When you run the code after commenting out self.lock.acquire() and self.lock.release(), you will find that the last count is 467195, etc., concurrent problems. When running the code after reserving self.lock.acquire() and self.lock.release(), you will find that the last count is 1000000, and the locking mechanism ensures concurrency. ' ' '
import threading
from threading import Thread

class LockThread(Thread):
    count = 0

    def __init__(self, name=None, lock=None):
        Thread.__init__(self, name=name)
        self.lock = lock

    def run(self):
        self.lock.acquire()
        print('thread is '+threading.current_thread().getName()+', lock acquired! ')
        for i in range(0.100000):
            LockThread.count += 1
        print('thread is '+threading.current_thread().getName()+', pre lock release! ')
        self.lock.release()


if __name__ == '__main__':
    threads = list()
    lock = threading.Lock()
    for i in range(0.10):
        thread = LockThread(name=str(i), lock=lock)
        thread.start()
        threads.append(thread)

    for thread in threads:
        thread.join()
    print('Main Thread finish, LockThread.count is:'+str(LockThread.count))Copy the code

Using Lock is sufficient for general concurrent synchronization, but for other locking mechanisms (above)__all__Here we have a look at the thread priority queue commonly used in crawlers, as follows:

Python3’s Queue module provides synchronous, thread-safe Queue classes, including first-in, first-out Queue, LifoQueue, and PriorityQueue. These queues implement locking mechanisms and can be used directly in multiple threads. These queues can also be used for synchronization between threads. Here is a simple but classic example (production consumer problem) :

[demo_threading_queue.py]

from queue import Queue
from random import randint
from threading import Thread
from time import sleep
Python 3.X Threading and Queue (threading.x)

class TestQueue(object):
    def __init__(self):
        self.queue = Queue(2)

    def writer(self):
        print('Producter start write to queue.')
        self.queue.put('key', block=1)
        print('Producter write to queue end. size is:'+str(self.queue.qsize()))

    def reader(self):
        value = self.queue.get(block=1)
        print('Consumer read from queue end. size is:'+str(self.queue.qsize()))

    def producter(self):
        for i in range(5):
            self.writer()
            sleep(randint(0.3))

    def consumer(self):
        for i in range(5):
            self.reader()
            sleep(randint(2.4))

    def go(self):
        print('TestQueue Start! ')
        threads = []
        functions = [self.consumer, self.producter]
        for func in functions:
            thread = Thread(target=func, name=func.__name__)
            thread.start()
            threads.append(thread)
        for thread in threads:
            thread.join()
        print('TestQueue Done! ')

if __name__ == '__main__':
    TestQueue().go()Copy the code

As you can see, the common and commonly used Python3 threads are mainly related to crawlers. Of course, there are some high-end uses and high-end thread classes that we have not mentioned, which need to be accumulated and selected according to the needs of our own thread helper classes; We don’t have the space to go into it here, because good threading concurrency for any language is a very deep direction and involves a lot of problems, but it’s enough for general business.
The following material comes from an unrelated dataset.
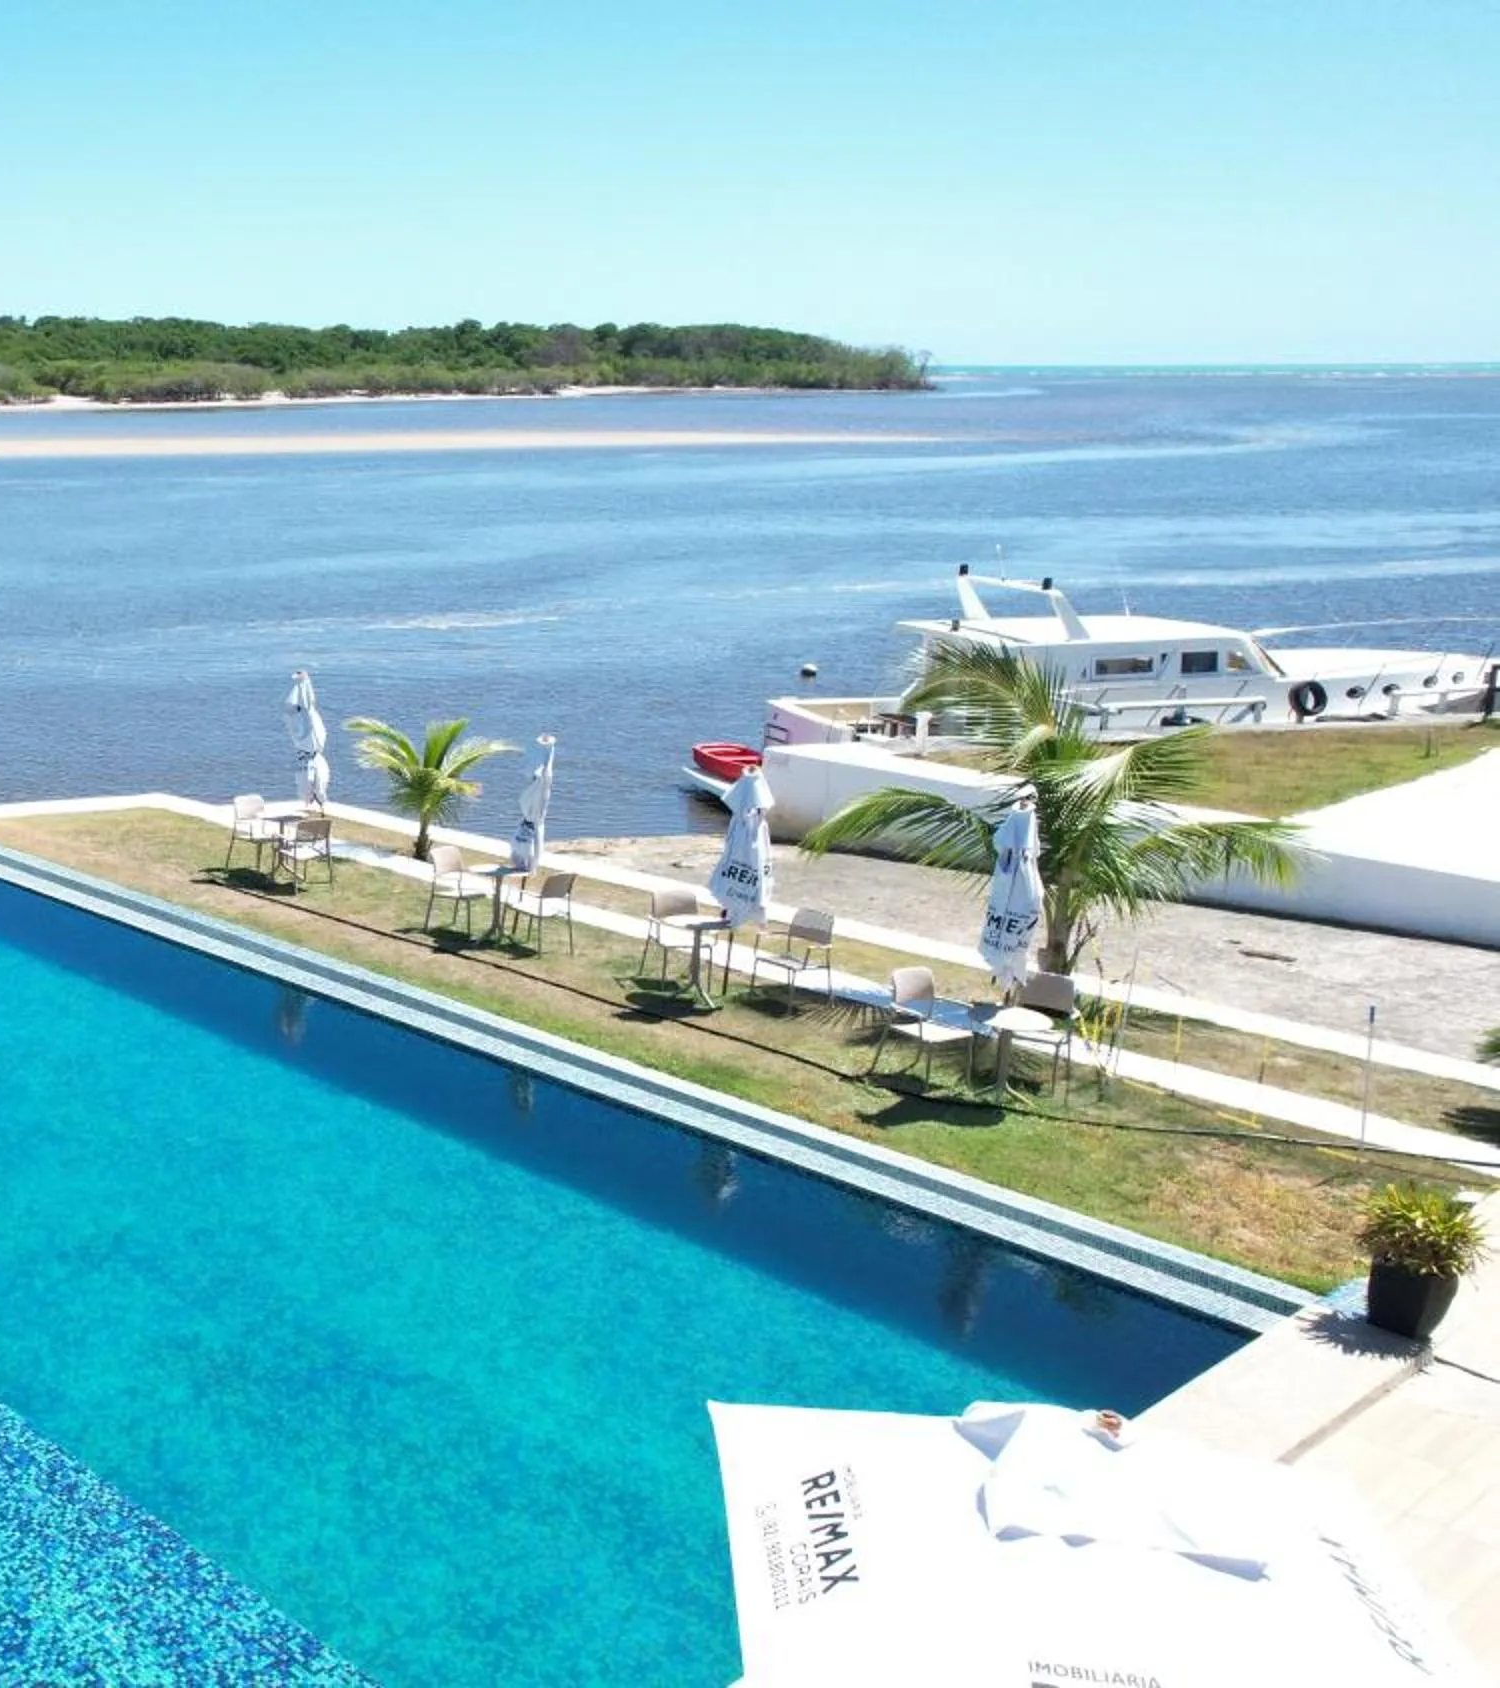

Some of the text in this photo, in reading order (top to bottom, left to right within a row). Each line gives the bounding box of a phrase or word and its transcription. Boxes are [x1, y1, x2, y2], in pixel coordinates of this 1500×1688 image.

2-3 Python 3.X process module

Python3’s thread concurrency mechanism is not the same as that of other languages. However, if we want to make full use of multi-core CPU resources in Python, we need to use multi-process. Python provides a very useful multiprocess module package called Multiprocessing, which supports tools such as child processes, communication, and sharing data.
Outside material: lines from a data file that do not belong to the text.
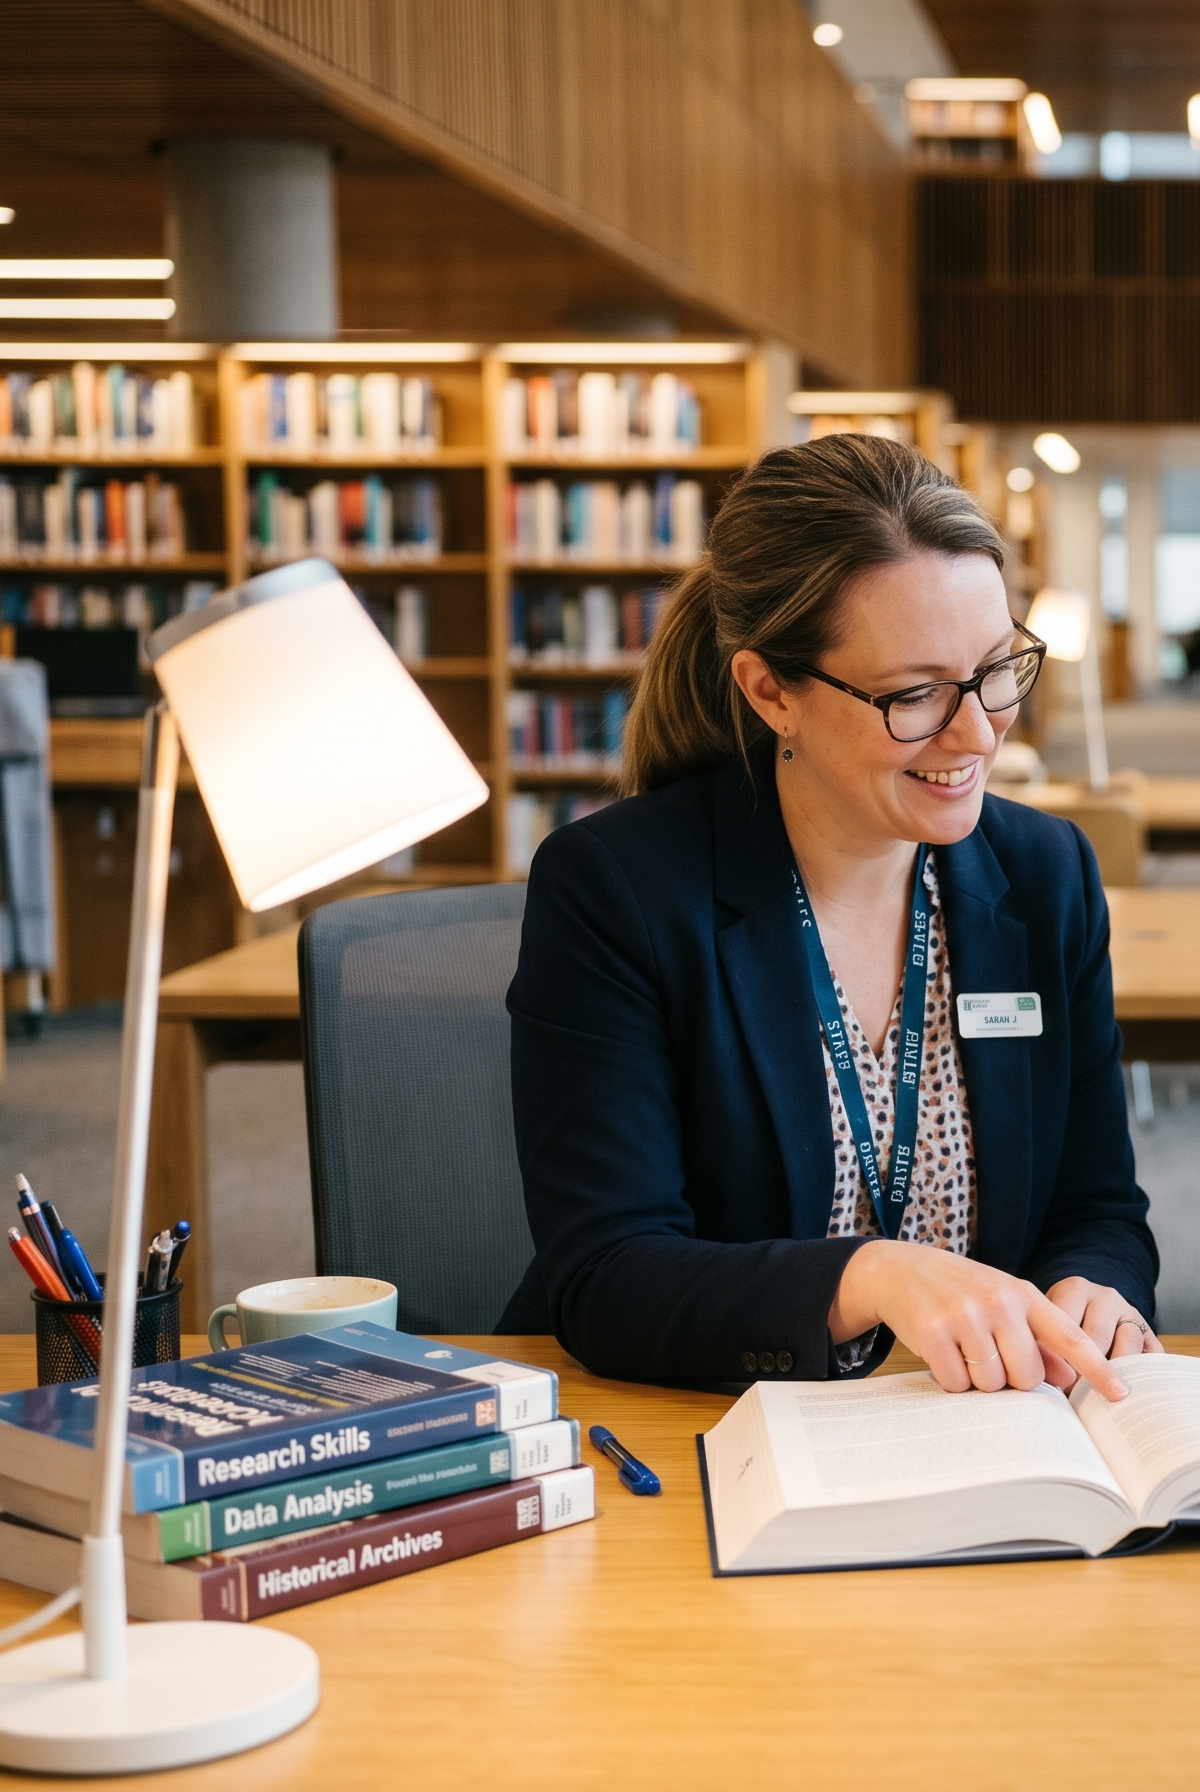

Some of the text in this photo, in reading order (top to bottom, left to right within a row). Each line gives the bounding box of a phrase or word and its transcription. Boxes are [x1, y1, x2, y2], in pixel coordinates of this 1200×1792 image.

[984, 1015, 1010, 1024] SARAH
[198, 1438, 306, 1487] Research
[310, 1426, 371, 1462] Skills
[224, 1503, 279, 1535] Data
[283, 1480, 374, 1521] Analysis
[257, 1548, 356, 1600] Historical
[360, 1530, 444, 1571] Archives
The Process of multiprocessing can be described from the threading threading threading threading threading threading threading threading threading threading threading threading threading threading threading threading threading threading threading threading threading threading threading threading threading threading threading threading threading threading threading threading threading threading threading threading threading threading threading threading threading threading threading threading threading threading threading threading.

import multiprocessing
import time
from multiprocessing import Process
The Python 3.X multiprocess module is a complete example of threading. The Process class of multiprocess is used to override the run method and pass it directly.
class NormalProcess(Process):
    def __init__(self, name=None):
        Process.__init__(self, name=name)
        self.counter = 0

    def run(self):
        print(self.name + ' process is start! ')
        self.do_customer_things()
        print(self.name + ' process is end! ')

    def do_customer_things(self):
        while self.counter < 10:
            time.sleep(1)
            print('do customer things counter is:'+str(self.counter))
            self.counter += 1


def loop_runner(max_counter=5):
    print(multiprocessing.current_process().name + " process is start!")
    cur_counter = 0
    while cur_counter < max_counter:
        time.sleep(1)
        print('loop runner current counter is:' + str(cur_counter))
        cur_counter += 1
    print(multiprocessing.current_process().name + " process is end!")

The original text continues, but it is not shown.